A convenience sample of 30 women was recruited over a 3-month period (June–August 2015) in the Greater Toronto Area. All women were between 21 and 69 years old, foreign-born, and self-identified as Muslim, and had good knowledge of English. Data were collected through a self-completed questionnaire.
More than half of the participants falsely indicated that Pap tests may cause cervical infection, and 46.7% indicated that the test is an intrusion on privacy. The majority of women reported that they would be willing to try HPV self-sampling, and more than half would prefer this method to provider-administered sampling methods. Barriers to self-sampling included confidence in the ability to perform the test and perceived cost, and facilitators included convenience and privacy being preserved.

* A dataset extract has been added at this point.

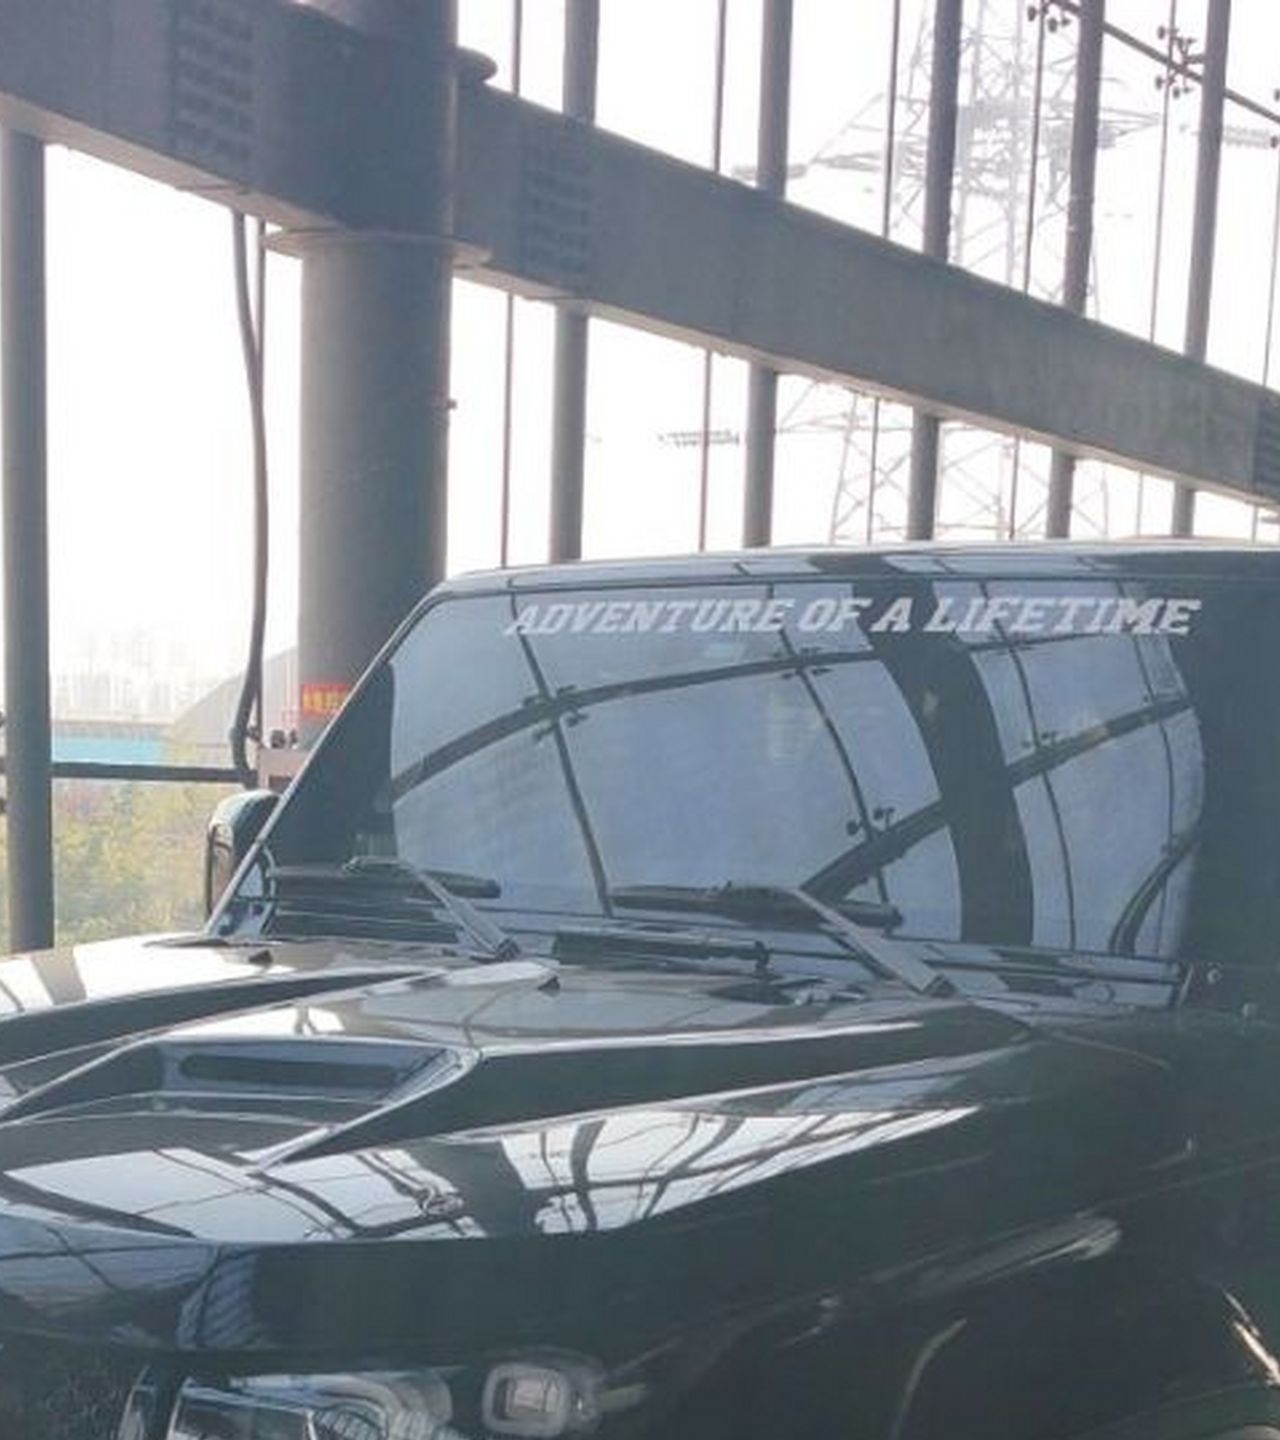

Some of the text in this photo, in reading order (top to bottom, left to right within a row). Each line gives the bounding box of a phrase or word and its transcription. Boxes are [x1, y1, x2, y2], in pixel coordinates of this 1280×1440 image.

[504, 597, 1202, 635] ADVENTURE OF A LIFETIME

The results demonstrate that HPV self-sampling may provide a favorable alternative model of care to the traditional provider-administered Pap testing. These findings add important information to the literature related to promoting cancer screening among women who are under or never screened for cervical cancer.

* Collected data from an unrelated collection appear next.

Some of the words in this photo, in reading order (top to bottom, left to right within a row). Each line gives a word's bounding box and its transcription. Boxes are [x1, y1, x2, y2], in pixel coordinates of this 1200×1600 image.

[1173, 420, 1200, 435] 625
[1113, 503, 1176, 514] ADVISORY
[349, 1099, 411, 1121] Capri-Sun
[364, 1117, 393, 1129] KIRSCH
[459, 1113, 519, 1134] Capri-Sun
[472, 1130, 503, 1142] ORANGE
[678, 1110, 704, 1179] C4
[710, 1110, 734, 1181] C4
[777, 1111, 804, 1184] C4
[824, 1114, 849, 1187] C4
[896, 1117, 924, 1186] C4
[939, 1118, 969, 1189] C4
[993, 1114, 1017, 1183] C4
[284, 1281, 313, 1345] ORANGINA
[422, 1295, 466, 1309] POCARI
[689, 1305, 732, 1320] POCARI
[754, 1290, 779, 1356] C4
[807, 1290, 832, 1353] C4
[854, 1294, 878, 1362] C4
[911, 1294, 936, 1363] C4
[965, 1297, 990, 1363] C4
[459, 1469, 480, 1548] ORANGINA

Cervical cancer, one of the most common causes of cancer-related mortality and morbidity for women worldwide, is highly preventable with screening using the Papanicolaou (Pap) test.1–4 Population-based screening has led to significant decreases in cervical cancer incidence and mortality in high-income countries such as Canada; however, certain subgroups of Canadian women, including immigrant women, are less likely to get screened for cervical cancer.5–9 Studies have demonstrated that the lowest screening rates are for Ontario immigrant women from South Asia and the Middle East and North Africa.6–8 Many of these women may be Muslim. One of the fastest growing immigrant groups in Canada is people of Muslim faith and culture, with a growth rate of 82% over the past decade from ~579,000 in 2001 to >1 million in 2011.9 The Muslim population in Canada is expected to triple over the next 20 years, with the majority coming from South Asian and Middle Eastern countries. Approximately 73% of Canadian Muslims live in Ontario, Canada’s most populous province with ~13 million people, and home to Toronto, Canada’s most populous and diverse city.9
Virtually, all cases of cervical cancer are caused by the pervasive human papillomavirus (HPV).10 Self-sampling for HPV may be a viable method of screening for the virus that causes cervical cancer, either by cotesting with the Pap test or as a primary screening test used to triage women for subsequent Pap testing.10–14 Self-sampling for HPV has been shown to have validity compared to clinician-collected cervical samples, as well as to have high acceptance among women.15–22 Self-sampling for HPV has the potential to address many of the screening barriers identified in the literature and to promote screening uptake among vulnerable groups. However, little is known about the acceptability of and preference for this evidence-based strategy among immigrant women who are Muslim.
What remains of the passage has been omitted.